--- RECORDS TO PROCESS Enclosed Below ---

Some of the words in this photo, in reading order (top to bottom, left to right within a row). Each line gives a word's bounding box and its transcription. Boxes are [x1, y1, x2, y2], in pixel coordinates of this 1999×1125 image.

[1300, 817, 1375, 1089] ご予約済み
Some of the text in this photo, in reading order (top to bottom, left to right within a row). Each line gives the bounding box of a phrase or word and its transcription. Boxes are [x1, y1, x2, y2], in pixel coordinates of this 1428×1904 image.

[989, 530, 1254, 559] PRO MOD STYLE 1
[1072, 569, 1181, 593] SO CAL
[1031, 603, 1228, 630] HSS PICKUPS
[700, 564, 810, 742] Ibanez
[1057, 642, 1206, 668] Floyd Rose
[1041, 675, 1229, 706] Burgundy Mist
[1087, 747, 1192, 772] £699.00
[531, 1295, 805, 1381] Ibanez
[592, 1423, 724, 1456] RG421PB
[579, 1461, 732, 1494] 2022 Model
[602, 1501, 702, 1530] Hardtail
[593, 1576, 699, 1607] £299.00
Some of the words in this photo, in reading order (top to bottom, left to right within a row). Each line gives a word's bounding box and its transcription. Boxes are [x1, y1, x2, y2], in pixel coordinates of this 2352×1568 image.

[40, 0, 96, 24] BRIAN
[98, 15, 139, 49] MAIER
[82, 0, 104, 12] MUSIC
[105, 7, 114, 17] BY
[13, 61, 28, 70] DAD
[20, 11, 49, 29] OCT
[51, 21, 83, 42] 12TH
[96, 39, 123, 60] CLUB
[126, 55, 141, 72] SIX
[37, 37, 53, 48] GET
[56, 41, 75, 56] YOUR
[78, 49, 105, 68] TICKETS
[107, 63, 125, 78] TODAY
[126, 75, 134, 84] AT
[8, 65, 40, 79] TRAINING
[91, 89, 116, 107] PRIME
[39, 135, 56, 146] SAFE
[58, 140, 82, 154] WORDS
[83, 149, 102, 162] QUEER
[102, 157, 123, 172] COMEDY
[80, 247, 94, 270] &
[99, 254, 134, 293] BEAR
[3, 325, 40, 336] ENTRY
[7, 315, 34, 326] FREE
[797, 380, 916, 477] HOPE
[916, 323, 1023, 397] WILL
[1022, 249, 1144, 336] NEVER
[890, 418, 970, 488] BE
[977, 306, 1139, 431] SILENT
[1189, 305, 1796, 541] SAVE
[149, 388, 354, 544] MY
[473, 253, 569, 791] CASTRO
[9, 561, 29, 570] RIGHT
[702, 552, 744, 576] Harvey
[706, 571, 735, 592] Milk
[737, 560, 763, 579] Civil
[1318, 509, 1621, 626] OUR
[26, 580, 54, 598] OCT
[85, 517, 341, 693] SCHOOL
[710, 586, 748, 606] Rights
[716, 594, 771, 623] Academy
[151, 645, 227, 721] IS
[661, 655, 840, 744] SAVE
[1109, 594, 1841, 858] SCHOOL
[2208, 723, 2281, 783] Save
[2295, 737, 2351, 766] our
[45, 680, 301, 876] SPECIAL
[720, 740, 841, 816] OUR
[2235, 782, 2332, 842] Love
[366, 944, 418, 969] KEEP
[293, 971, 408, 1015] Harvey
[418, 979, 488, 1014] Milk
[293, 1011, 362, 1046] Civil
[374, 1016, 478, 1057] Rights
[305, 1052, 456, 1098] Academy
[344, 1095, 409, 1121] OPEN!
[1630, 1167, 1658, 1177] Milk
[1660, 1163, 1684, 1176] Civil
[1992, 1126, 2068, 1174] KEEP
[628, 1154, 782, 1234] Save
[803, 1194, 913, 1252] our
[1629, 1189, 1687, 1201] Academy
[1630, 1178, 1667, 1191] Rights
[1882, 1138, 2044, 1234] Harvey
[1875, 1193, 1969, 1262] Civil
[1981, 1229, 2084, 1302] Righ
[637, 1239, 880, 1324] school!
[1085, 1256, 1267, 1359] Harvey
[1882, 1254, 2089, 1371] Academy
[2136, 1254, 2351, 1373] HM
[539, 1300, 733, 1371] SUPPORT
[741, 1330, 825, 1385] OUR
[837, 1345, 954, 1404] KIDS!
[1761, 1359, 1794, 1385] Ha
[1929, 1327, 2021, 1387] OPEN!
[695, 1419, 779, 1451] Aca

--- End of Enclosed RECORDS TO PROCESS ---

Retype the entries shown above. Keep every word exactly as it is.

**SOLUTION BELOW**
Some of the words in this photo, in reading order (top to bottom, left to right within a row). Each line gives a word's bounding box and its transcription. Boxes are [x1, y1, x2, y2], in pixel coordinates of this 1999×1125 image.

[1300, 817, 1375, 1089] ご予約済み
Some of the text in this photo, in reading order (top to bottom, left to right within a row). Each line gives the bounding box of a phrase or word and its transcription. Boxes are [x1, y1, x2, y2], in pixel coordinates of this 1428×1904 image.

[989, 530, 1254, 559] PRO MOD STYLE 1
[1072, 569, 1181, 593] SO CAL
[1031, 603, 1228, 630] HSS PICKUPS
[700, 564, 810, 742] Ibanez
[1057, 642, 1206, 668] Floyd Rose
[1041, 675, 1229, 706] Burgundy Mist
[1087, 747, 1192, 772] £699.00
[531, 1295, 805, 1381] Ibanez
[592, 1423, 724, 1456] RG421PB
[579, 1461, 732, 1494] 2022 Model
[602, 1501, 702, 1530] Hardtail
[593, 1576, 699, 1607] £299.00
Some of the words in this photo, in reading order (top to bottom, left to right within a row). Each line gives a word's bounding box and its transcription. Boxes are [x1, y1, x2, y2], in pixel coordinates of this 2352×1568 image.

[40, 0, 96, 24] BRIAN
[98, 15, 139, 49] MAIER
[82, 0, 104, 12] MUSIC
[105, 7, 114, 17] BY
[13, 61, 28, 70] DAD
[20, 11, 49, 29] OCT
[51, 21, 83, 42] 12TH
[96, 39, 123, 60] CLUB
[126, 55, 141, 72] SIX
[37, 37, 53, 48] GET
[56, 41, 75, 56] YOUR
[78, 49, 105, 68] TICKETS
[107, 63, 125, 78] TODAY
[126, 75, 134, 84] AT
[8, 65, 40, 79] TRAINING
[91, 89, 116, 107] PRIME
[39, 135, 56, 146] SAFE
[58, 140, 82, 154] WORDS
[83, 149, 102, 162] QUEER
[102, 157, 123, 172] COMEDY
[80, 247, 94, 270] &
[99, 254, 134, 293] BEAR
[3, 325, 40, 336] ENTRY
[7, 315, 34, 326] FREE
[797, 380, 916, 477] HOPE
[916, 323, 1023, 397] WILL
[1022, 249, 1144, 336] NEVER
[890, 418, 970, 488] BE
[977, 306, 1139, 431] SILENT
[1189, 305, 1796, 541] SAVE
[149, 388, 354, 544] MY
[473, 253, 569, 791] CASTRO
[9, 561, 29, 570] RIGHT
[702, 552, 744, 576] Harvey
[706, 571, 735, 592] Milk
[737, 560, 763, 579] Civil
[1318, 509, 1621, 626] OUR
[26, 580, 54, 598] OCT
[85, 517, 341, 693] SCHOOL
[710, 586, 748, 606] Rights
[716, 594, 771, 623] Academy
[151, 645, 227, 721] IS
[661, 655, 840, 744] SAVE
[1109, 594, 1841, 858] SCHOOL
[2208, 723, 2281, 783] Save
[2295, 737, 2351, 766] our
[45, 680, 301, 876] SPECIAL
[720, 740, 841, 816] OUR
[2235, 782, 2332, 842] Love
[366, 944, 418, 969] KEEP
[293, 971, 408, 1015] Harvey
[418, 979, 488, 1014] Milk
[293, 1011, 362, 1046] Civil
[374, 1016, 478, 1057] Rights
[305, 1052, 456, 1098] Academy
[344, 1095, 409, 1121] OPEN!
[1630, 1167, 1658, 1177] Milk
[1660, 1163, 1684, 1176] Civil
[1992, 1126, 2068, 1174] KEEP
[628, 1154, 782, 1234] Save
[803, 1194, 913, 1252] our
[1629, 1189, 1687, 1201] Academy
[1630, 1178, 1667, 1191] Rights
[1882, 1138, 2044, 1234] Harvey
[1875, 1193, 1969, 1262] Civil
[1981, 1229, 2084, 1302] Righ
[637, 1239, 880, 1324] school!
[1085, 1256, 1267, 1359] Harvey
[1882, 1254, 2089, 1371] Academy
[2136, 1254, 2351, 1373] HM
[539, 1300, 733, 1371] SUPPORT
[741, 1330, 825, 1385] OUR
[837, 1345, 954, 1404] KIDS!
[1761, 1359, 1794, 1385] Ha
[1929, 1327, 2021, 1387] OPEN!
[695, 1419, 779, 1451] Aca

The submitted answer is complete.